Retype each of the records below exactly, leaving the pictures out.

Saved entries:
===============

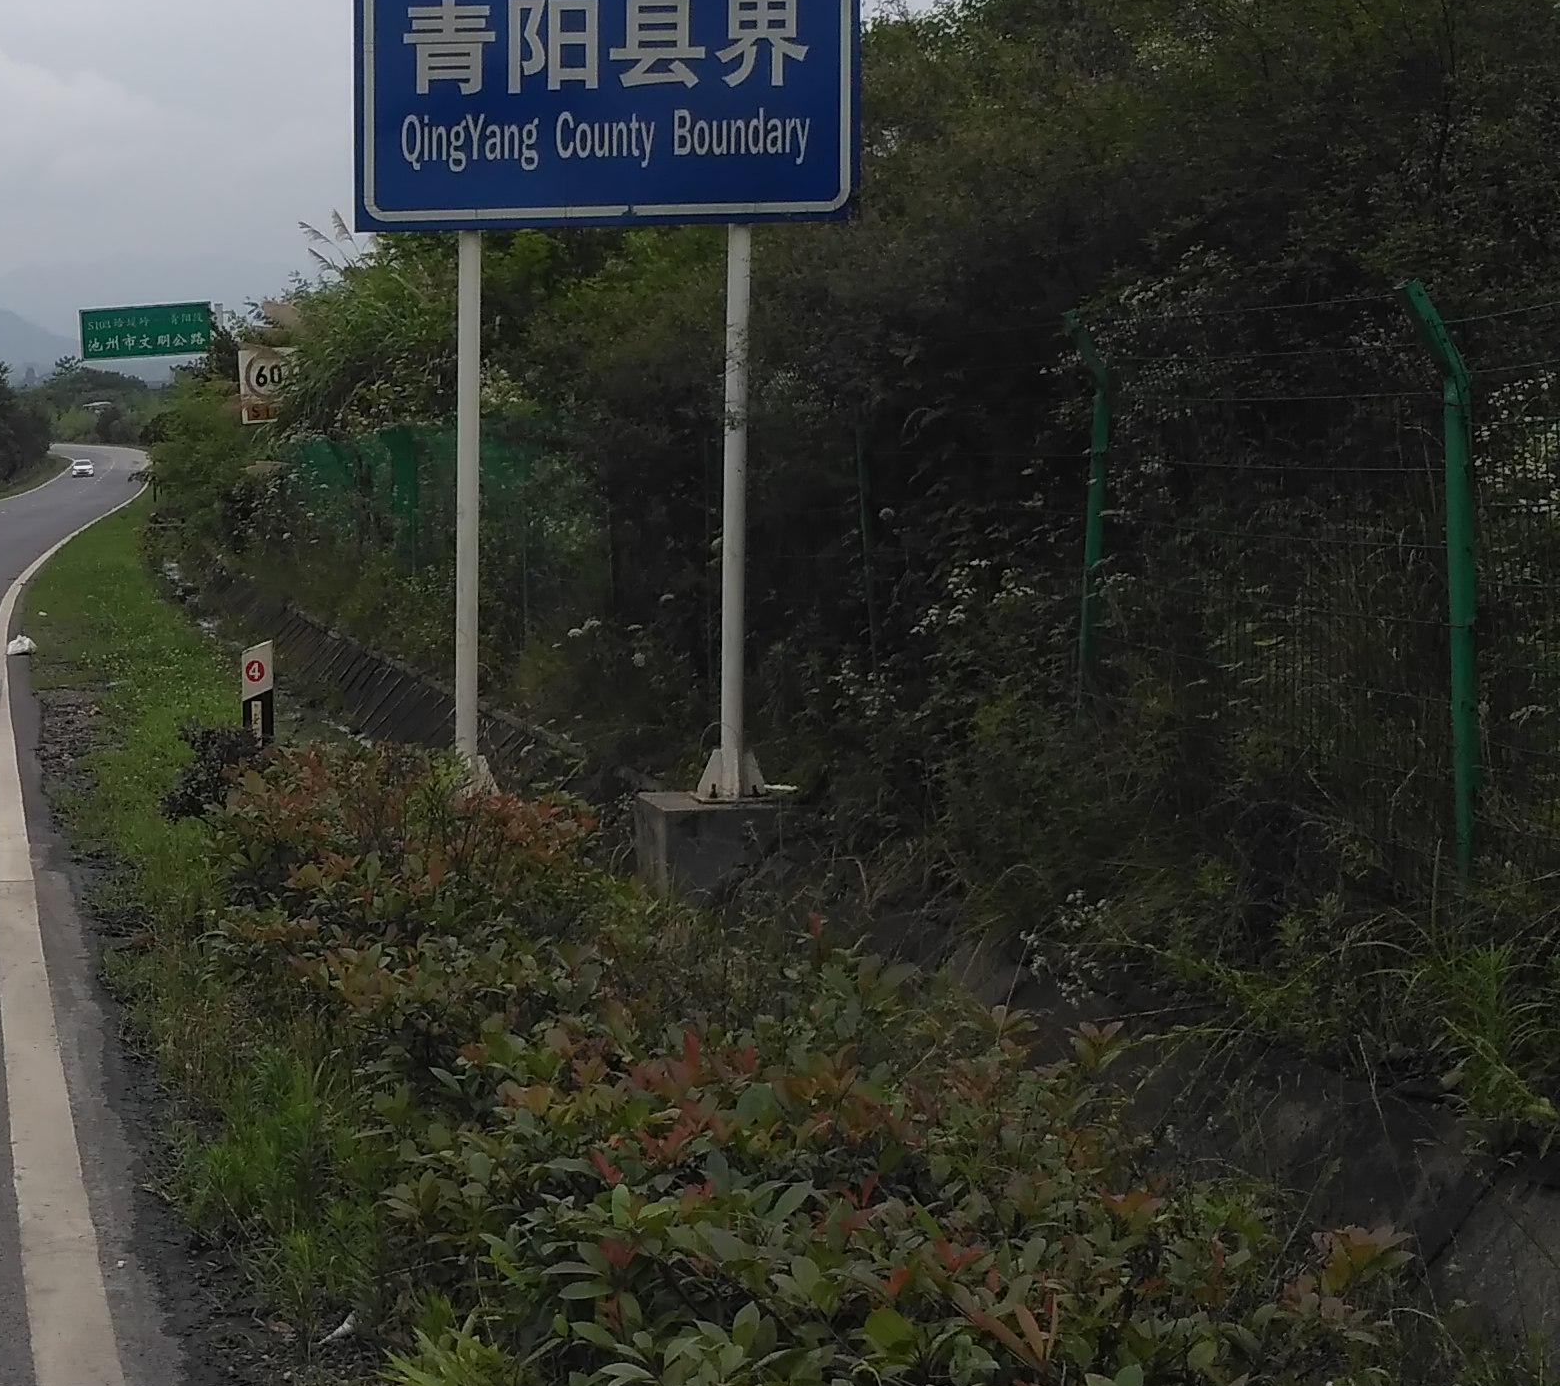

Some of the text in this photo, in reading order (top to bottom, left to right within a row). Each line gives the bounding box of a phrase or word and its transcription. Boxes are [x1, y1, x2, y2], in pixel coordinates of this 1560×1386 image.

[401, 107, 811, 172] QingYang County Boundary
[87, 331, 206, 352] 池州市文明公路
[255, 364, 282, 388] 60
[248, 662, 261, 681] 4

===============

### RESPONSE TO THE TASK
Some of the text in this photo, in reading order (top to bottom, left to right within a row). Each line gives the bounding box of a phrase or word and its transcription. Boxes are [x1, y1, x2, y2], in pixel coordinates of this 1560×1386 image.

[401, 107, 811, 172] QingYang County Boundary
[87, 331, 206, 352] 池州市文明公路
[255, 364, 282, 388] 60
[248, 662, 261, 681] 4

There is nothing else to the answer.